As Elvis Week winds down, after a moving candlelight vigil Wednesday at Presley's sprawling Graceland estate, the spotlight is turning onto the unusual thespians who dedicate their lives to mimicking a pop-culture icon on stage.
Twenty-nine of them, from Australia, Britain, Canada, Japan and the United States, are vying for top honors in the sixth annual Ultimate Elvis Tribute Artist Contest. The finals take place Saturday.
Most of the 29 were children when Presley died, but a handful -- like Trevino, from Fort Worth, Texas, and fellow contestant Eli Williams, 24, from Delta, British Columbia, Canada -- had not yet been born.
They are the relative newcomers to Elvis fever.
"I kind of caught it myself when I was 17 in high school," the bespectacled Williams told AFP, "and it just took a life of its own. I started buying record after record. Eight years on, here we are."
Countless hours of perfecting his vocals and pompadour ensued for Williams, with mentoring and encouragement from compatriot Brian Simpson, who has carved out an unusual career teaching people to walk, talk and act like Presley.
During a meet-and-greet Thursday in the Hard Rock Cafe on Memphis's historic Beale Street nightclub strip, the Ultimate Elvis contestants mingled like old friends with the predominantly older, female and gleeful crowd.
More than their haircuts, their greased-back haircuts or their mutton-chop sideburns, it was their easy rapport with the fans and their impeccable good manners -- both characteristics of Presley himself -- that stood out.
"It takes a lot of dedication, a lot of years of experience (and) a lot of work in the gym trying to stay in shape, and just loving him and loving the fans," said Stephen Freeman, 41, an Elvis tribute artist for 15 years.
Trevino, whose non-Elvis acting experience includes Shakespeare's "The Taming of the Shrew" and Broadway musicals, went professional two years ago with international tribute show promoter Legends in Concert.
He said the key to success is to avoid copying Presley too much.
"I'm told I have facial features similar to Elvis, and I do appreciate vintage rockabilly style and music," said Trevino, sporting a sharp 1960s chambray suit like the ones office workers in sultry Memphis once wore.
"However, I'm still true to myself because Elvis was true to himself. That's what made him so unique and so fun to watch and so amazing. All tribute artists are more interesting when they add a bit of themselves to their performance."

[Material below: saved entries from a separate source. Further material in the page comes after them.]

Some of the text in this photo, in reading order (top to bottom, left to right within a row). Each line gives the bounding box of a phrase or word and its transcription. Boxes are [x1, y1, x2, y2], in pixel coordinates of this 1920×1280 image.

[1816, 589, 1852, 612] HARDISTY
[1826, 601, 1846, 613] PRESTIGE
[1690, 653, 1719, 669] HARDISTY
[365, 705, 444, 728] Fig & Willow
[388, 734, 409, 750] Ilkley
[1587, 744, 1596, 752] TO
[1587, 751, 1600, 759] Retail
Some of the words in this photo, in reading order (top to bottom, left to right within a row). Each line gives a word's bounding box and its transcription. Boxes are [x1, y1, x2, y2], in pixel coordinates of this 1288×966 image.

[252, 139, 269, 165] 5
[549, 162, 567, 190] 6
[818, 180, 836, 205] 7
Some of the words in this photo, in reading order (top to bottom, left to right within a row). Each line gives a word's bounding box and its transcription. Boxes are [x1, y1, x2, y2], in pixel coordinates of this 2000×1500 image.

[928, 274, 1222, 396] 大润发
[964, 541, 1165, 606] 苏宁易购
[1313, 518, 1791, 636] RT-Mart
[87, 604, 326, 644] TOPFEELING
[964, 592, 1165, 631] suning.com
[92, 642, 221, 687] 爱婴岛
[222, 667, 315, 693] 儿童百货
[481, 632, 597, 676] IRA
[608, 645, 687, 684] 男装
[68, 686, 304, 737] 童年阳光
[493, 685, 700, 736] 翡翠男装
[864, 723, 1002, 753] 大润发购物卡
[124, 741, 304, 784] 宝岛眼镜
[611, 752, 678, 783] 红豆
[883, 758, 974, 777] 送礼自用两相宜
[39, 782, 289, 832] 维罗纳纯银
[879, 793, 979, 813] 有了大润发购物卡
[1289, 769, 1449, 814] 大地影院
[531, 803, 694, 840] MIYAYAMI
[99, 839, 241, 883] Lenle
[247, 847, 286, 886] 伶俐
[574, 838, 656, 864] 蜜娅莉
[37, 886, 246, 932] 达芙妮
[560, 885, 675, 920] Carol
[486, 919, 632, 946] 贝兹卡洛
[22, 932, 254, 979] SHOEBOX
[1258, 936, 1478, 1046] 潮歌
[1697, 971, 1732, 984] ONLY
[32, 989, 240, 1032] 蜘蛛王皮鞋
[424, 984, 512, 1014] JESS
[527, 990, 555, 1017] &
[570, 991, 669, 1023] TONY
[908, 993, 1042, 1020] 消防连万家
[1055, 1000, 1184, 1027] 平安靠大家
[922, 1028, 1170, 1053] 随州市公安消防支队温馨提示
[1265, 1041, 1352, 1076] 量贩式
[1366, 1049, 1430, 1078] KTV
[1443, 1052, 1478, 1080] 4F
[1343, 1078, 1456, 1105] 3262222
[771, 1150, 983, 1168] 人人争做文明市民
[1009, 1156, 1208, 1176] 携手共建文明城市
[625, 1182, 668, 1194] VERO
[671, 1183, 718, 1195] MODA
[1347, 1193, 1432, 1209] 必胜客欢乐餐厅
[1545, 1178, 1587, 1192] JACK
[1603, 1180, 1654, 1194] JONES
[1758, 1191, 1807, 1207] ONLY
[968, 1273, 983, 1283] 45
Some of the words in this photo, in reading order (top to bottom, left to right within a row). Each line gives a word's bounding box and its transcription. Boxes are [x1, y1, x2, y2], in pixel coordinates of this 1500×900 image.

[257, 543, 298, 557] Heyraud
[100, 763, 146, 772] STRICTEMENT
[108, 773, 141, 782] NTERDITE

Williams agreed: "None of these guys here is trying to be Elvis. This is just our way of paying tribute to him."
Both younger men brought to Memphis a keen sense of its rich musical history as a cradle of rock'n'roll, soul and blues, and of its darker past as a hotbed of racial tension where civil rights hero Martin Luther King was slain in 1968.
Williams, whose far-ranging taste in music runs from Jimi Hendrix to rapper Cee Lo Green, has checked out the Stax recording studio (now a museum) where Otis Redding, among many others, laid down some of soul music's greatest tracks.
Trevino, meanwhile, has just recorded an album at Sun Studios -- where Presley cut his first hits in the 1950s -- with his own band, using only old-school analog technology. It's due out in a few months.
His mind wandered back to the tumultuous era when Presley, the only son of a poor white laborer from rural Mississippi, grew to be one of the greatest entertainers of all time in the final days of racial segregation.
"Elvis took white-man and black-man music and put it together," he said. "Many people didn't like that at first ... but he pushed those barriers. He didn't see color. He saw people, and people appreciated that."